● What this task involves
From the entries below, reproduce exactly the line containing "this 1250×1768 image.", the line containing "this 1288×966 image.", and every line in between, with nothing added.

● Given data
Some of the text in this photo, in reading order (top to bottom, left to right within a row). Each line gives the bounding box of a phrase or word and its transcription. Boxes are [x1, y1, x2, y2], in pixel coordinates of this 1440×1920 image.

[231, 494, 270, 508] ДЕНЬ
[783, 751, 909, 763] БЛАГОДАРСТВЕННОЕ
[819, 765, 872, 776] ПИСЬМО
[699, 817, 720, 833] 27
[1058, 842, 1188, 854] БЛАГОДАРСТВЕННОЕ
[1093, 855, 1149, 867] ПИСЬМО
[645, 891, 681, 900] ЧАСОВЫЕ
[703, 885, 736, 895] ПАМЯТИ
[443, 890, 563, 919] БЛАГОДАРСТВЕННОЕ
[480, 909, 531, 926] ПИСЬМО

==

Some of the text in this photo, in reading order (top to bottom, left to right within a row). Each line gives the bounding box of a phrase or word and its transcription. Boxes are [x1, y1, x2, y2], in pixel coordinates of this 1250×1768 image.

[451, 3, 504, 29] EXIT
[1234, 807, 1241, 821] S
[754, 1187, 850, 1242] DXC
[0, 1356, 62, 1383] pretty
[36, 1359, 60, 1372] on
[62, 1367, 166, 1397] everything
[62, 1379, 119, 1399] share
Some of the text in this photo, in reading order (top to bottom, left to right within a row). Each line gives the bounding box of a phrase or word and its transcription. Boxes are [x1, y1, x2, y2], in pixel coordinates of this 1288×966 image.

● Finished exercise
Some of the text in this photo, in reading order (top to bottom, left to right within a row). Each line gives the bounding box of a phrase or word and its transcription. Boxes are [x1, y1, x2, y2], in pixel coordinates of this 1250×1768 image.

[451, 3, 504, 29] EXIT
[1234, 807, 1241, 821] S
[754, 1187, 850, 1242] DXC
[0, 1356, 62, 1383] pretty
[36, 1359, 60, 1372] on
[62, 1367, 166, 1397] everything
[62, 1379, 119, 1399] share
Some of the text in this photo, in reading order (top to bottom, left to right within a row). Each line gives the bounding box of a phrase or word and its transcription. Boxes are [x1, y1, x2, y2], in pixel coordinates of this 1288×966 image.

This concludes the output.